* **DATA EXTRACTS**
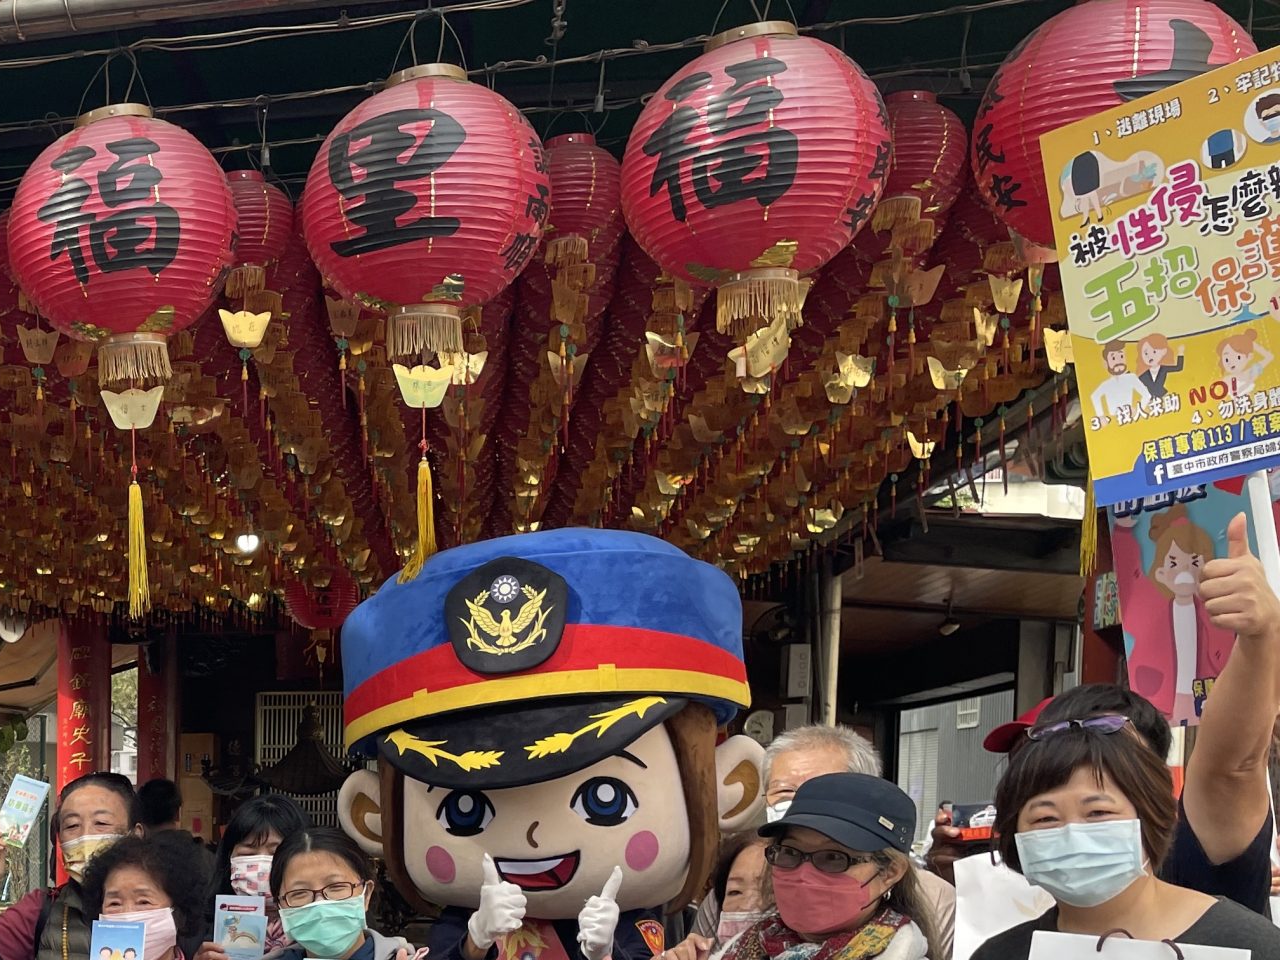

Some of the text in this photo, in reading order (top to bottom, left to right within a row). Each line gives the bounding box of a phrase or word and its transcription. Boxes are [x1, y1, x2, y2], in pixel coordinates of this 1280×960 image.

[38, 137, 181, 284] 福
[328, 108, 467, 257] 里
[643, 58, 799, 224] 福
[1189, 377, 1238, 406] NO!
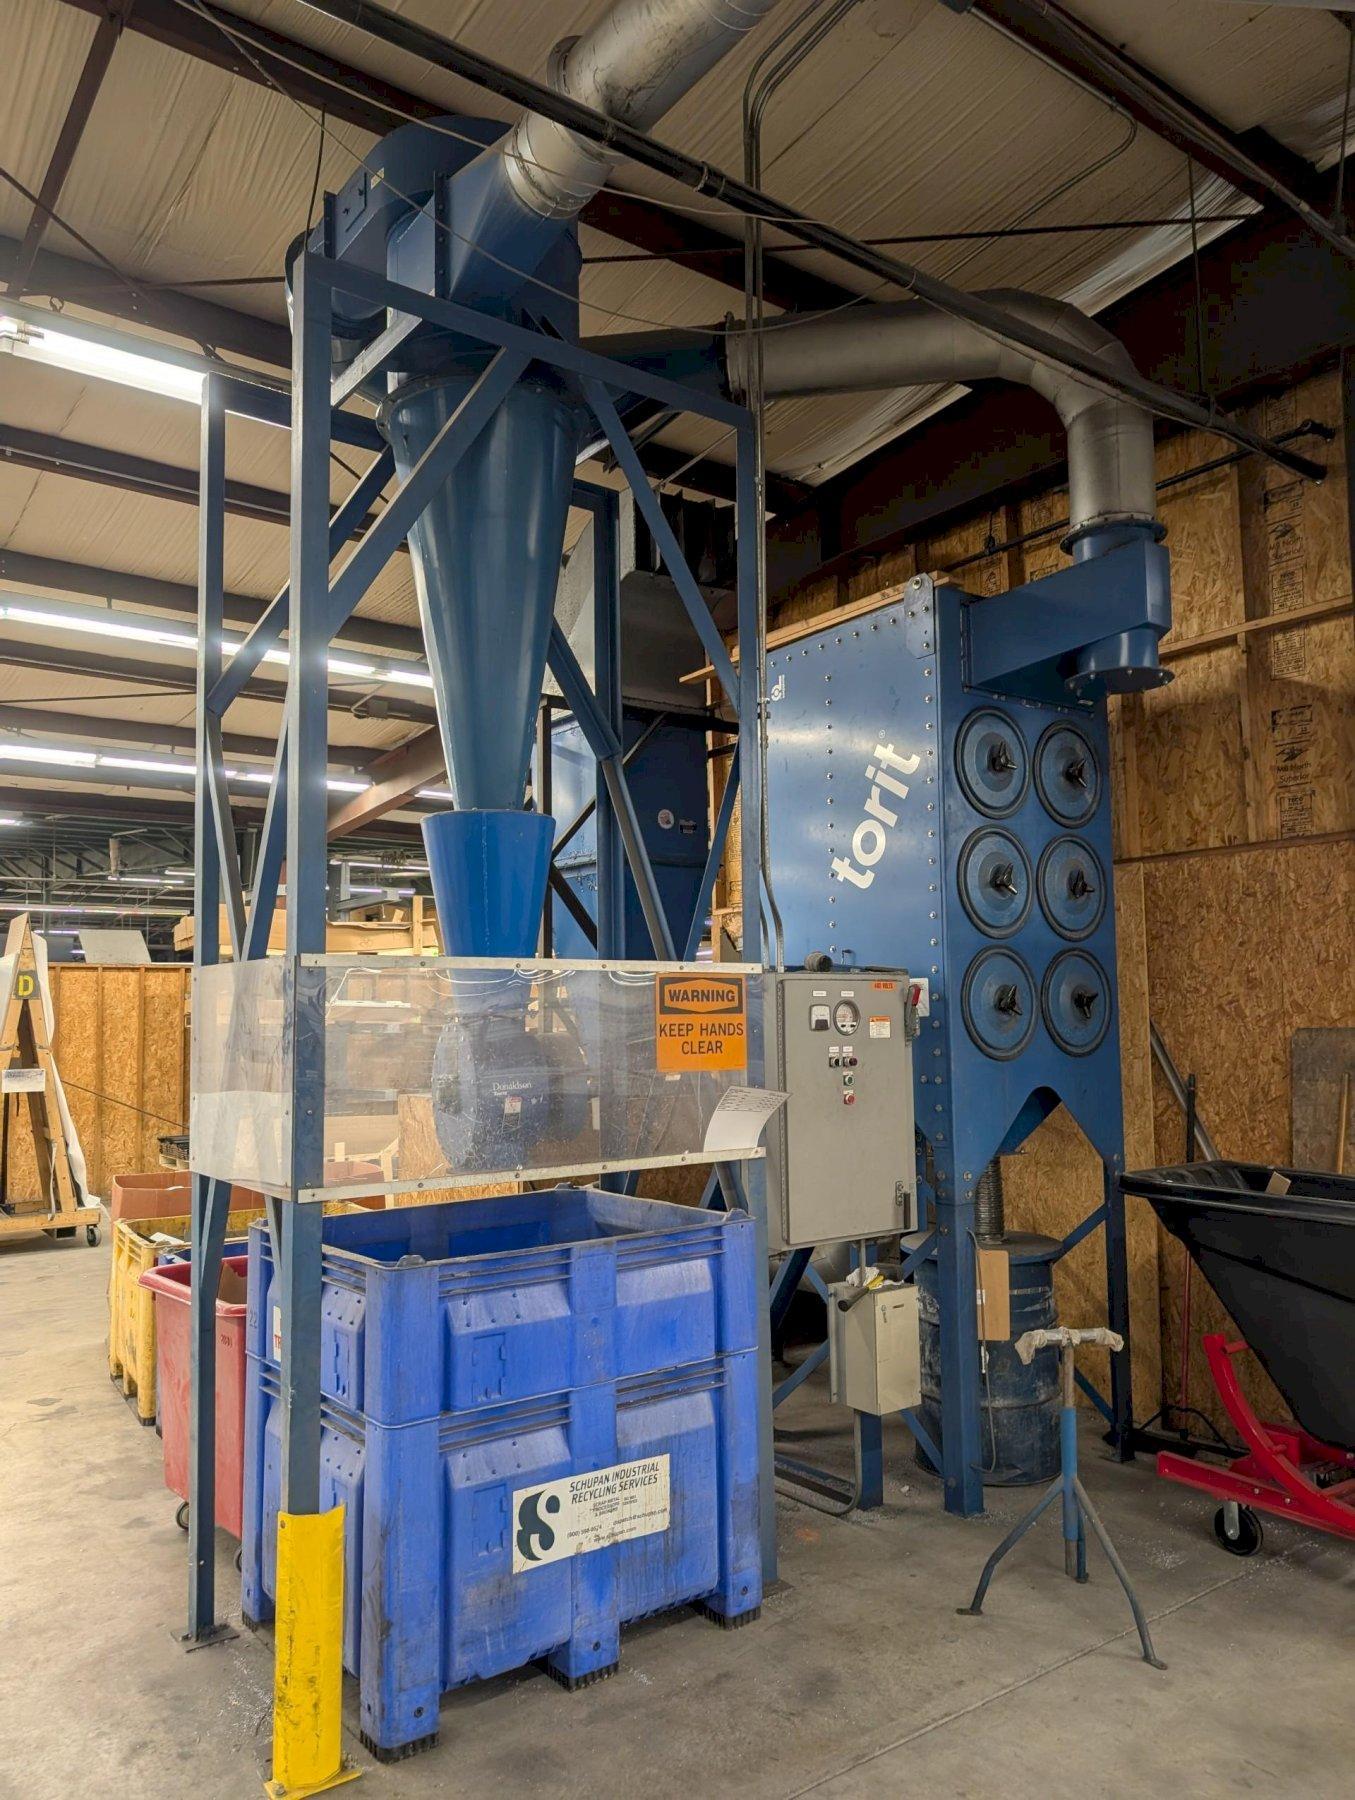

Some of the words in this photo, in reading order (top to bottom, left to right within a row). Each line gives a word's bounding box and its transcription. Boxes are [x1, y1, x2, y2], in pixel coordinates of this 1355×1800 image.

* **AIM OF THE EXERCISE**
Copy out the material word for word, without any images.

* **FINISHED TASK**
Some of the text in this photo, in reading order (top to bottom, left to right within a row). Each line gives the bounding box of a phrase or word and its transcription. Boxes are [x1, y1, x2, y2], in pixel coordinates of this 1280×960 image.

[38, 137, 181, 284] 福
[328, 108, 467, 257] 里
[643, 58, 799, 224] 福
[1189, 377, 1238, 406] NO!

Some of the words in this photo, in reading order (top to bottom, left to right within a row). Each line gives a word's bounding box and its transcription. Boxes are [x1, y1, x2, y2], in pixel coordinates of this 1355×1800 image.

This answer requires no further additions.